* Work to be completed
An exact copy of the records is needed; please leave the images out.
------------
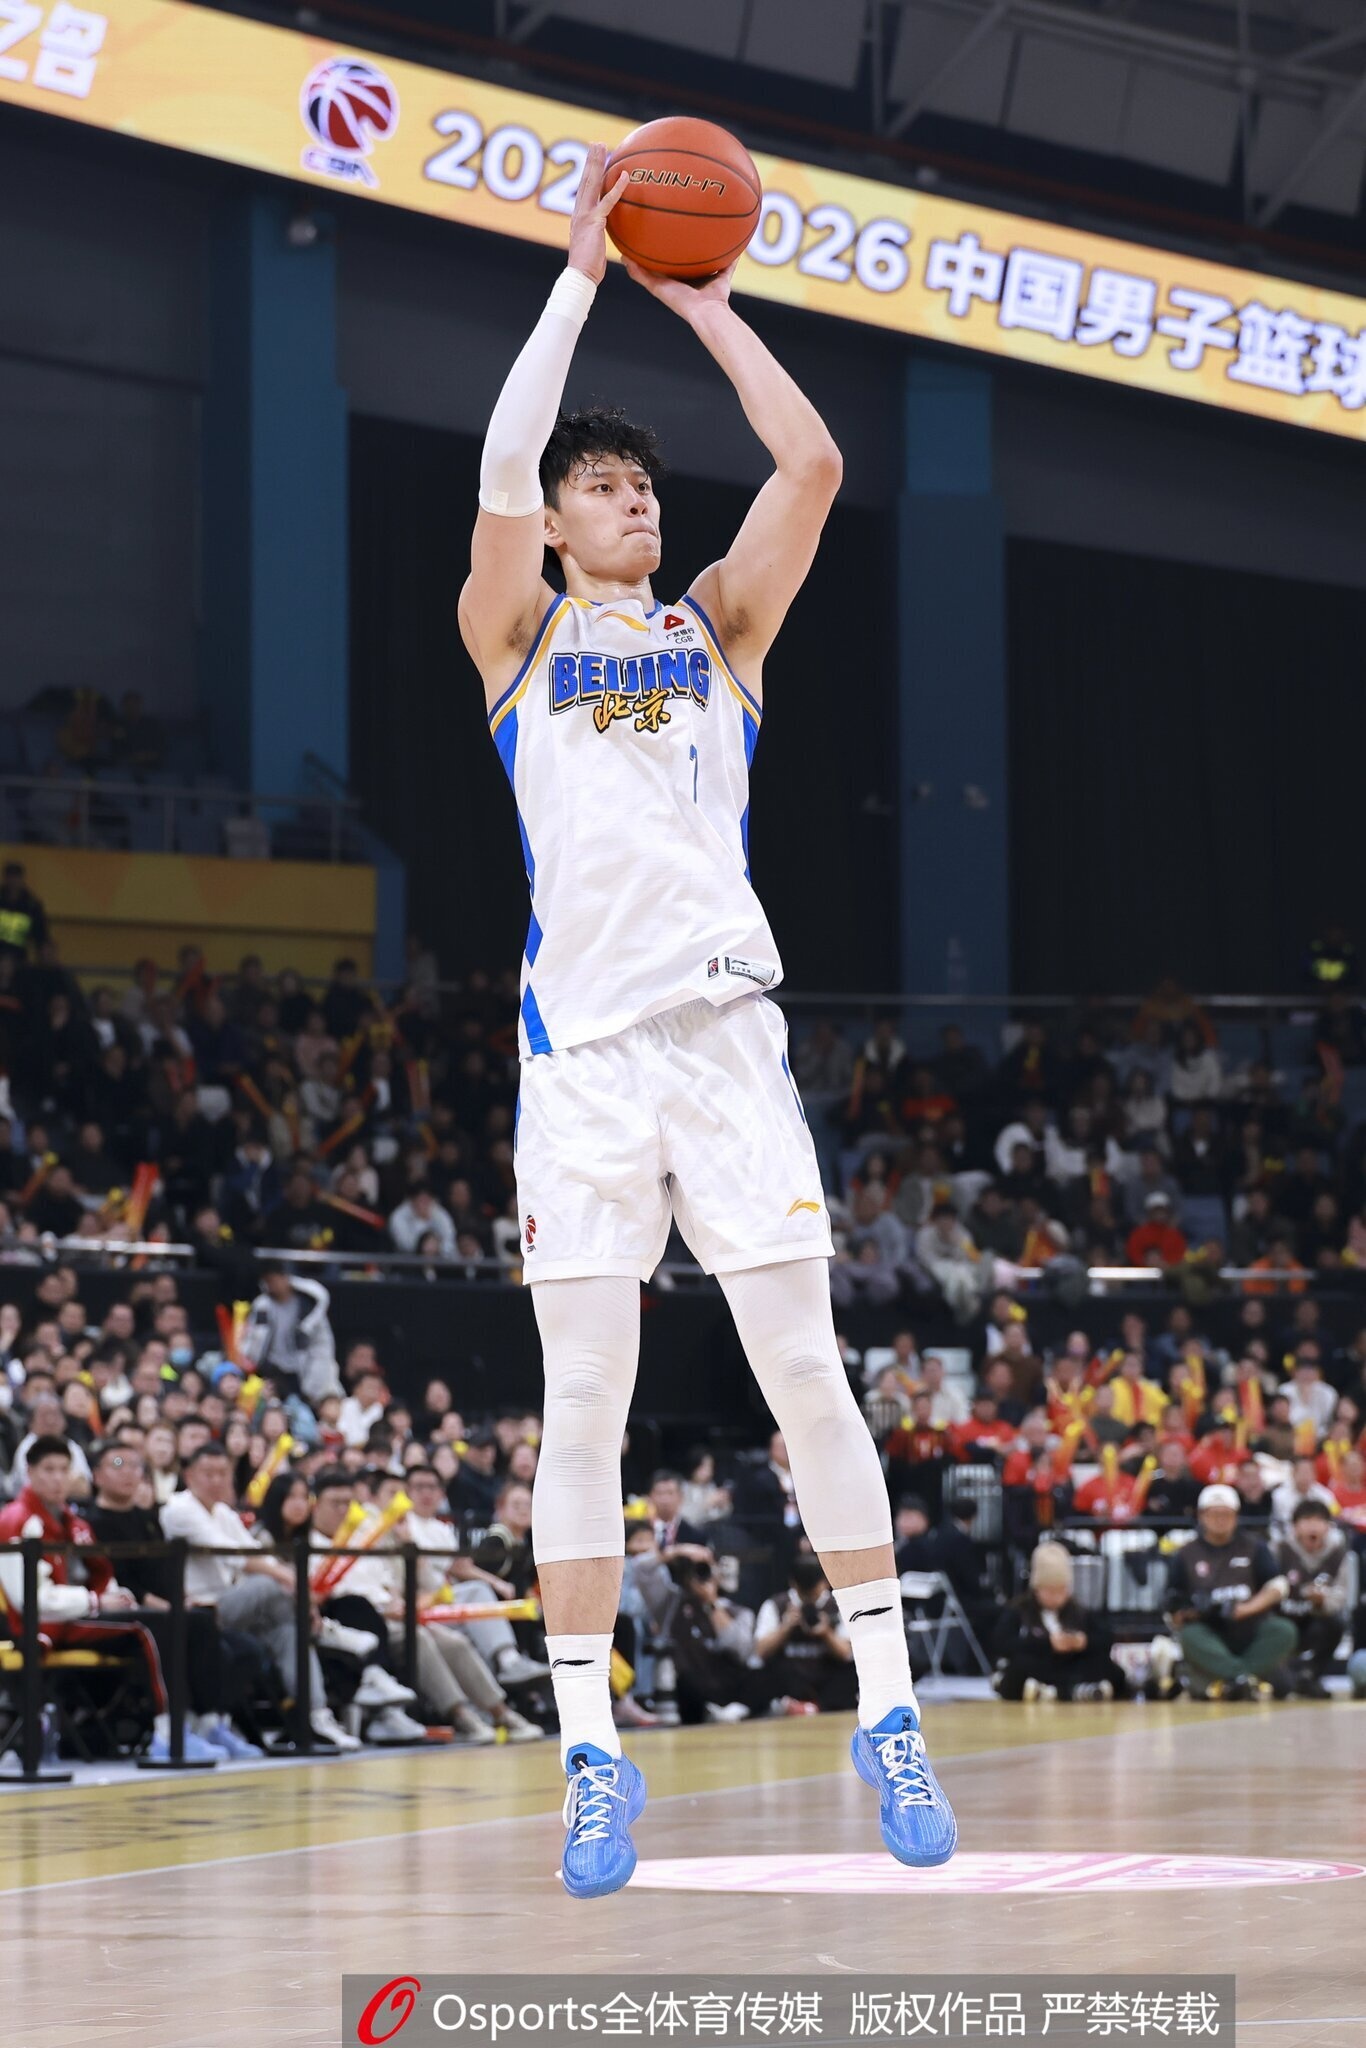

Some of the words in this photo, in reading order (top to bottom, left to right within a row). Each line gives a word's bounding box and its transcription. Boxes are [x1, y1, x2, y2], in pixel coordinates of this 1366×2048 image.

[629, 168, 726, 196] LI-NING
[675, 635, 694, 644] CGB
[549, 648, 711, 715] BEIJING
[593, 688, 671, 733] 北京
------------
* Response to this task
Some of the words in this photo, in reading order (top to bottom, left to right within a row). Each line gives a word's bounding box and its transcription. Boxes are [x1, y1, x2, y2], in pixel coordinates of this 1366×2048 image.

[629, 168, 726, 196] LI-NING
[675, 635, 694, 644] CGB
[549, 648, 711, 715] BEIJING
[593, 688, 671, 733] 北京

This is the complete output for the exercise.